1945年(昭和20年)に終戦を迎えた後、主要都市は空襲により住宅の絶対数が不足しており、主要な戦災都市に越冬のための簡易住宅30万戸を国庫補助により建設することが決定された。1949年(昭和24年)頃になると資材不足は緩和し、応急的な住宅政策から恒久的な住宅政策へと移った。1950年(昭和25年)には住宅金融公庫が発足した。
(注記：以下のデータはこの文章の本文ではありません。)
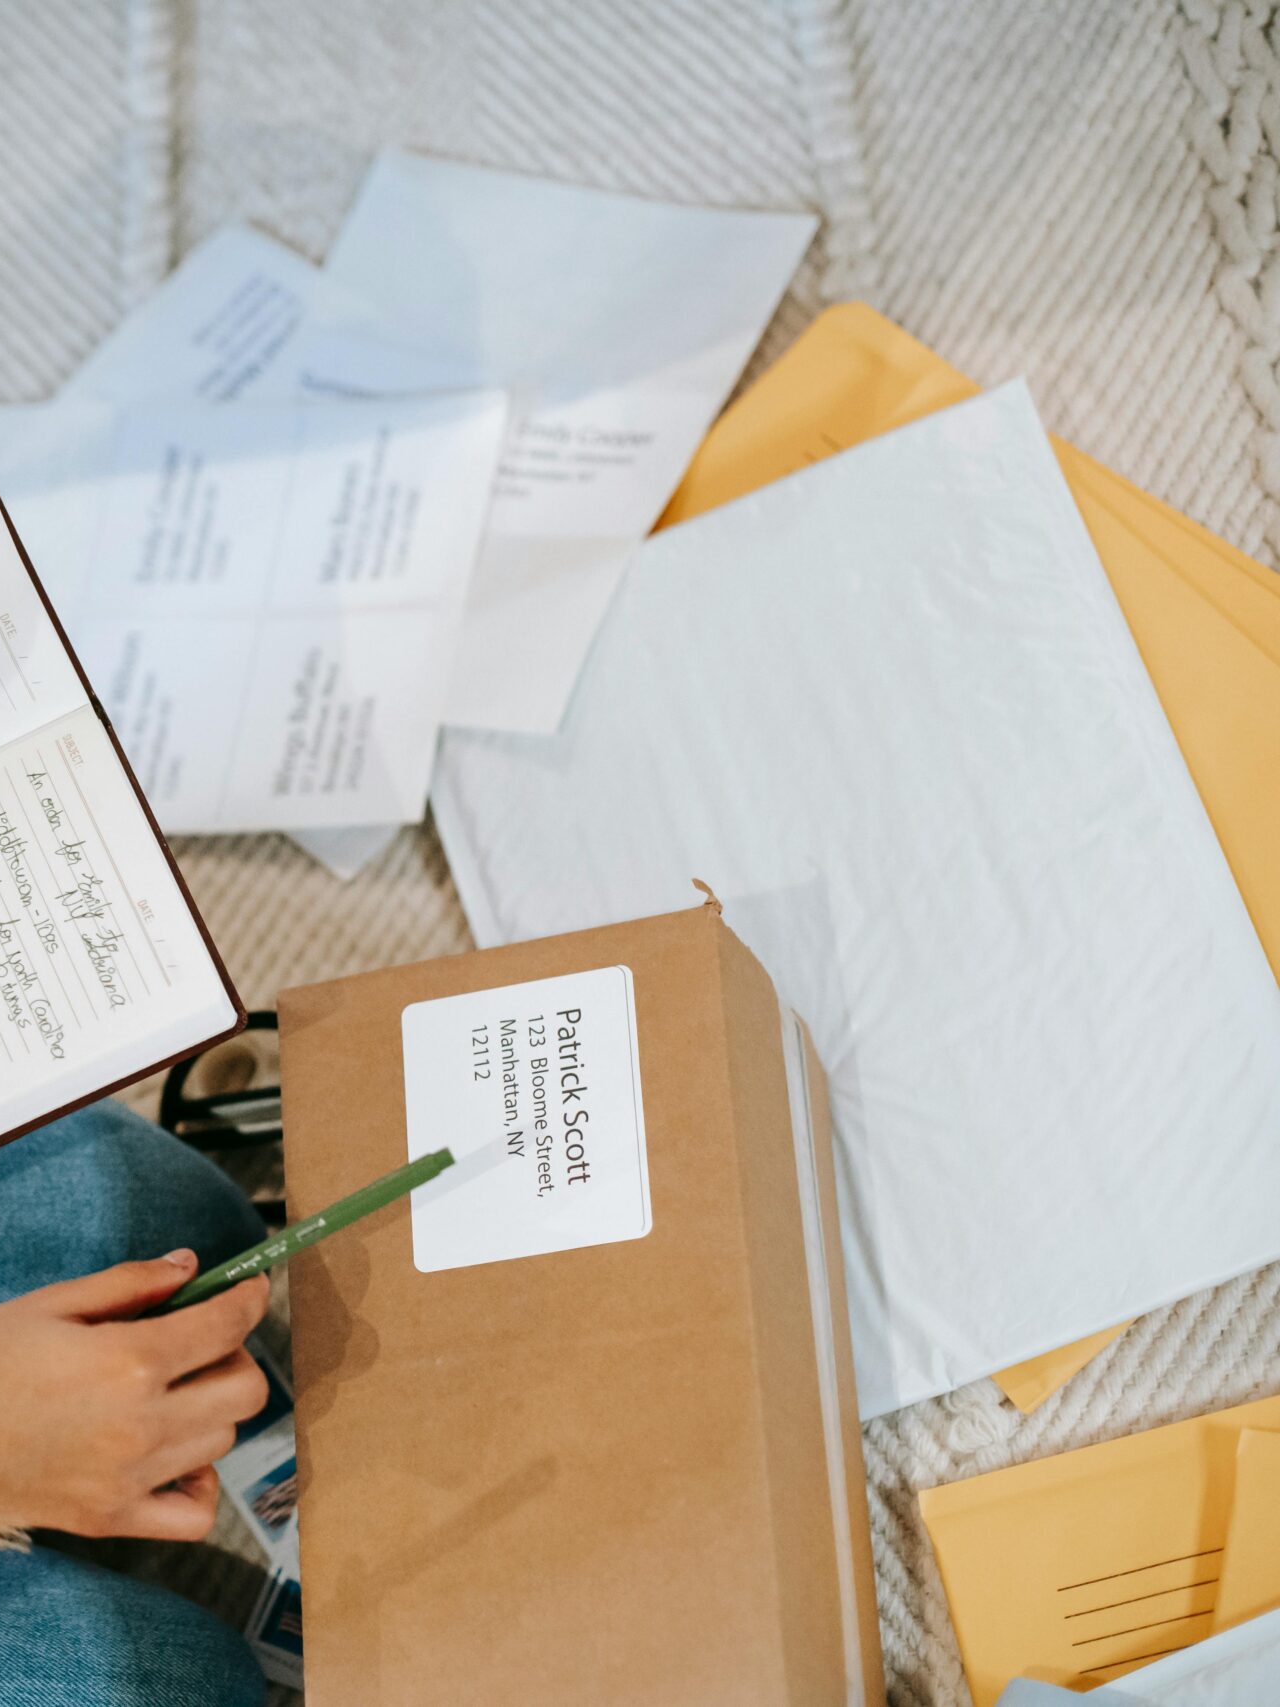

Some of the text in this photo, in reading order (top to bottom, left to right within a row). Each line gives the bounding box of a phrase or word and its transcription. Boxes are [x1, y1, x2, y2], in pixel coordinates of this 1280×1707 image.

[60, 732, 84, 769] SUBJECT:
[25, 771, 47, 790] An
[54, 839, 86, 866] for
[135, 897, 155, 923] DATE:
[471, 1024, 491, 1081] 12112
[499, 1019, 525, 1158] Manhattan, NY
[556, 1008, 591, 1186] Patrick Scott
[528, 1014, 555, 1198] 123 Bloome Street,
1951年(昭和26年)6月4日には公営住宅法が制定、同年7月1日に施行された。同法に基づき、公営住宅の整備が本格的に始まった。深刻な住宅不足を解決すべく、戦後復興の一環として国民に住宅を大量供給する目的で開始された。当初の公営住宅の入居者は、低所得者層ではなく家賃支払能力のある所得階層を対象としており、公営住宅にはセーフティーネットとしての機能は持たされていなかった。

その後、1955年(昭和30年)に日本住宅公団(現:都市再生機構)が設立。高度経済成長によって増加したサラリーマン世帯を主とする勤労者階層に対する住宅供給は公団住宅が担うこととなり、公営住宅は低所得者層への社会福祉の一環として位置づけられるようになっていった。
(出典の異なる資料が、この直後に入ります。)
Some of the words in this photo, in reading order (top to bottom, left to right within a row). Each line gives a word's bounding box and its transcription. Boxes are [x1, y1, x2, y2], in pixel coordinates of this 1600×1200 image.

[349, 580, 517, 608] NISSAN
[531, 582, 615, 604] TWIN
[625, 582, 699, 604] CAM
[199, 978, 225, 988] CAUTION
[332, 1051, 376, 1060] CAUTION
2005年(平成17年)公営住宅の戸数が減少に転じた。

ギャラリー[編集]

障害者等の家賃減免制度[編集]

地方自治体によっては、障害者等に対し家賃の特別減免制度を設けているところもある。例えば東京都の場合、精神障害者保健福祉手帳1級及び2級を持っている精神障害者に対し都営住宅の特別減免制度がある[15]

公営住宅からの暴力団員排除[編集]

2007年6月、国土交通省から各都道府県知事へ向けて「公営住宅における暴力団排除について」が発出され、暴力団排除に関する基本方針を一本化した[16]。これを受け、各都道府県や市区町村では住宅管理条例に暴力団排除を盛り込むとともに、所管の警察との連携強化を進め、公的な賃貸住宅からの暴力団排除を強く推進した[17]

2010年5月には、兵庫県尼崎市で低所得者を対象とした家賃減免制度を悪用し市営住宅の家賃の支払いを免れたとして、兵庫県警が山口組系の暴力団組長を詐欺罪容疑で逮捕した[18]

英米の公営住宅[編集]

イギリス[編集]

イギリスには各地方に住宅部局があり公営住宅を供給・管理している[2]

イギリスでは第一次世界大戦の勃発により労働者住宅の家賃が高騰し、1915年にはグラスゴーで家賃ストライキが発生するなど住宅難が社会不安を生じさせていた。

1919年には住宅及び都市・農村計画法(アディソン法)が制定され、地方自治体が公共住宅を建設する場合の政府補助金の制度を創設した。

1930年には住居法(グリーンウッド法)が制定され、地方自治体がスラムを撤去する場合の補助制度や地方自治体の家賃割引の権限を定めた。

1949年には住居法が制定され、公的住宅供給の条件であった労働者階級という要件を撤廃し、すべての国民に公営住宅への入居権を認めた。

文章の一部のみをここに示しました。